[Stored data Boundary: Start]
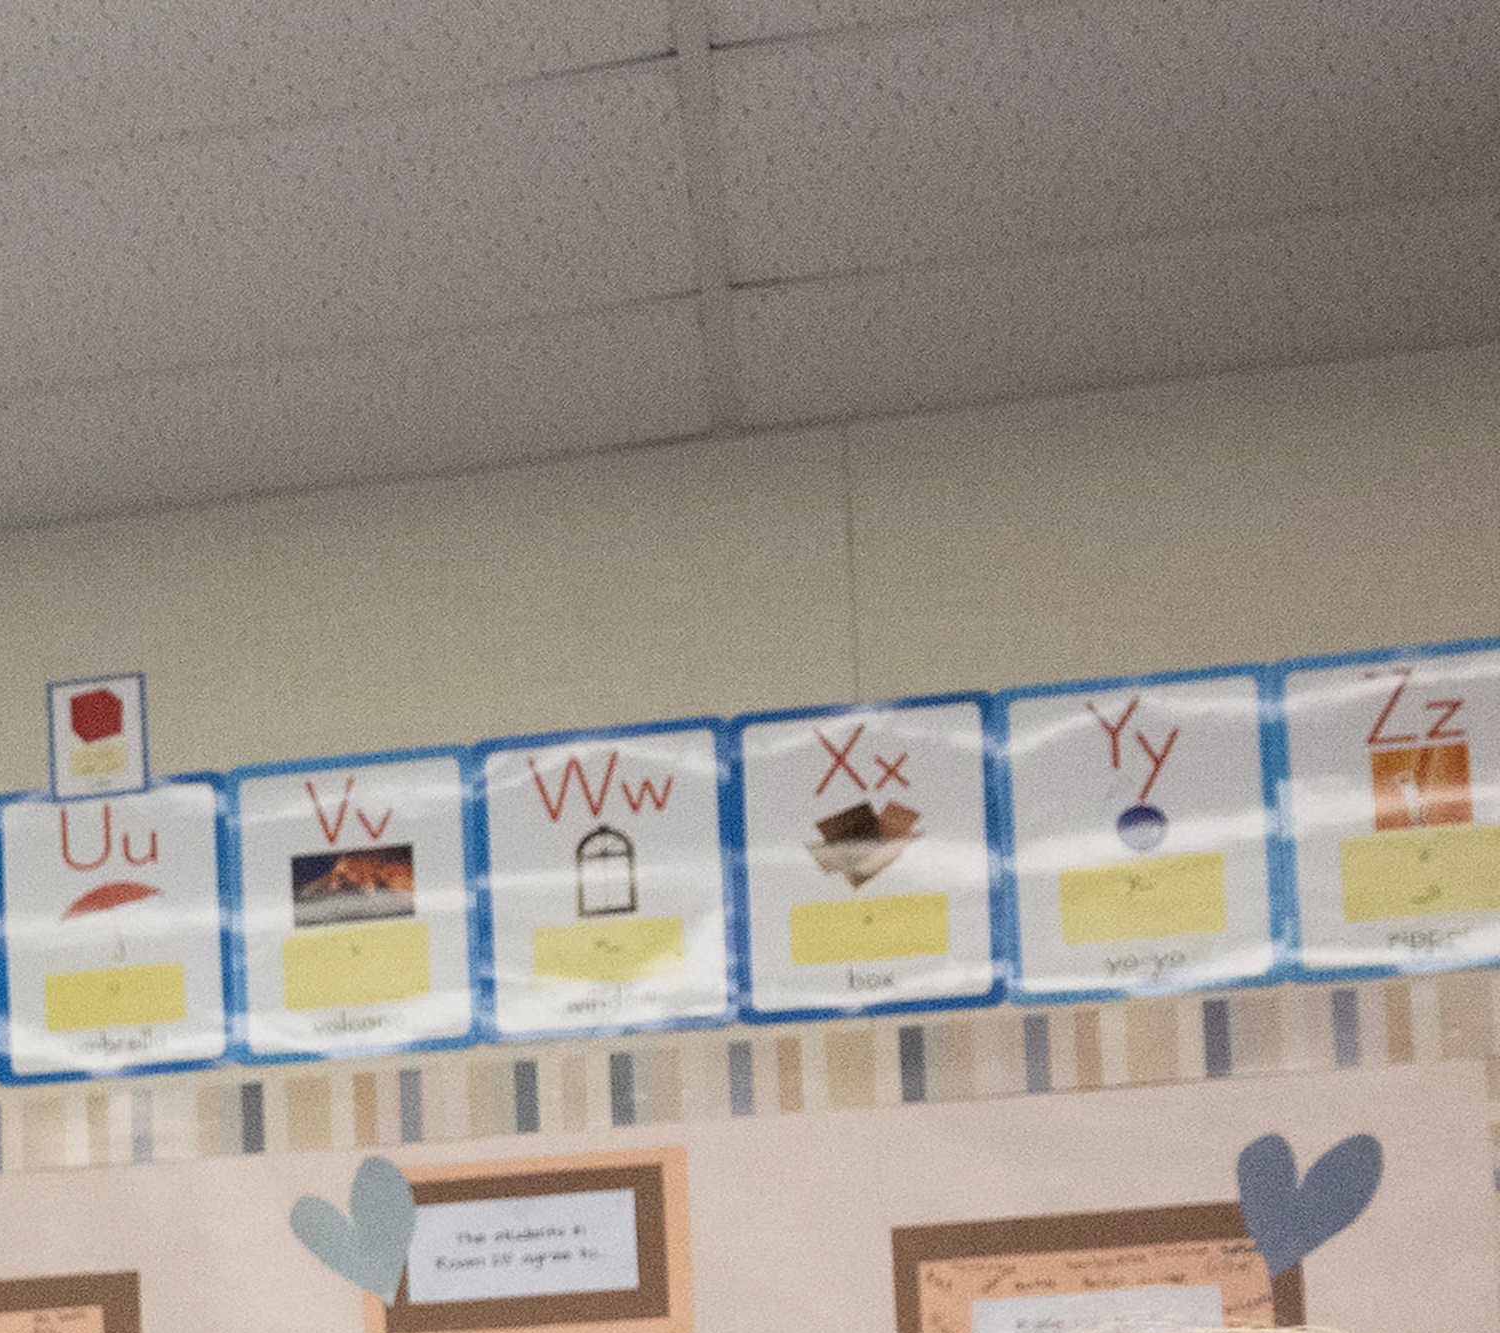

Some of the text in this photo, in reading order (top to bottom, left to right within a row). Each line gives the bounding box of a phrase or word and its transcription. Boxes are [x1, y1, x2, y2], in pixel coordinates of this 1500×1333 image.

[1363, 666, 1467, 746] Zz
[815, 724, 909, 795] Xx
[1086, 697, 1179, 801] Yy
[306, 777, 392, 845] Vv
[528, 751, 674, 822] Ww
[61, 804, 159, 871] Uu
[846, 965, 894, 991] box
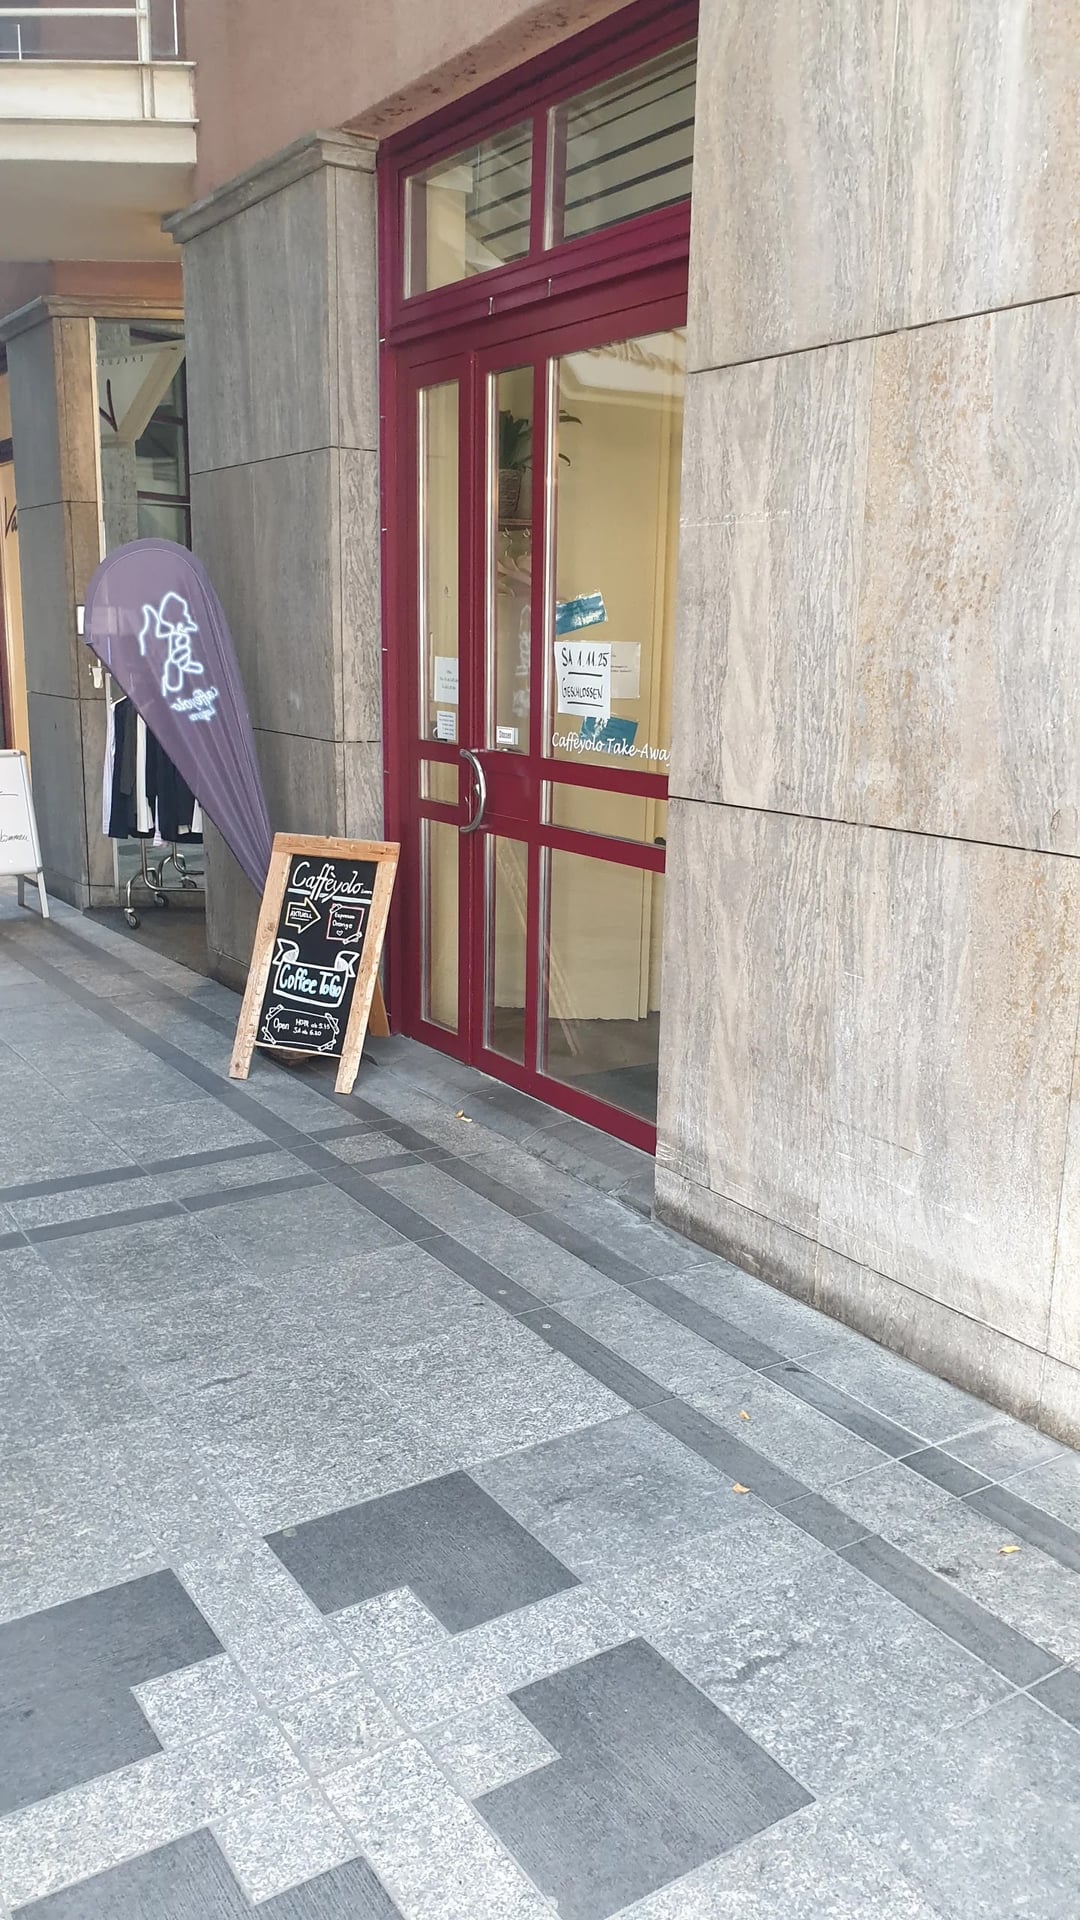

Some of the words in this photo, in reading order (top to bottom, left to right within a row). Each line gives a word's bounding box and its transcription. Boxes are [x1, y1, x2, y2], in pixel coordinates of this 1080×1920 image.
[Stored data Boundary: End]
[Stored data Boundary: Start]
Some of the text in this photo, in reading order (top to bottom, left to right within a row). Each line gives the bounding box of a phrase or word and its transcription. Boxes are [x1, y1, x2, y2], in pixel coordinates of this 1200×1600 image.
[Stored data Boundary: End]
◆ Exercise ◆
Take the material above from the line bearing "this 1500×1333 image." through the line bearing "Some of the words" and write it out exactly, both end lines included. Pictures stay out.

◆ Reply ◆
Some of the text in this photo, in reading order (top to bottom, left to right within a row). Each line gives the bounding box of a phrase or word and its transcription. Boxes are [x1, y1, x2, y2], in pixel coordinates of this 1500×1333 image.

[1363, 666, 1467, 746] Zz
[815, 724, 909, 795] Xx
[1086, 697, 1179, 801] Yy
[306, 777, 392, 845] Vv
[528, 751, 674, 822] Ww
[61, 804, 159, 871] Uu
[846, 965, 894, 991] box

Some of the words in this photo, in reading order (top to bottom, left to right within a row). Each line gives a word's bounding box and its transcription. Boxes are [x1, y1, x2, y2], in pixel coordinates of this 1080×1920 image.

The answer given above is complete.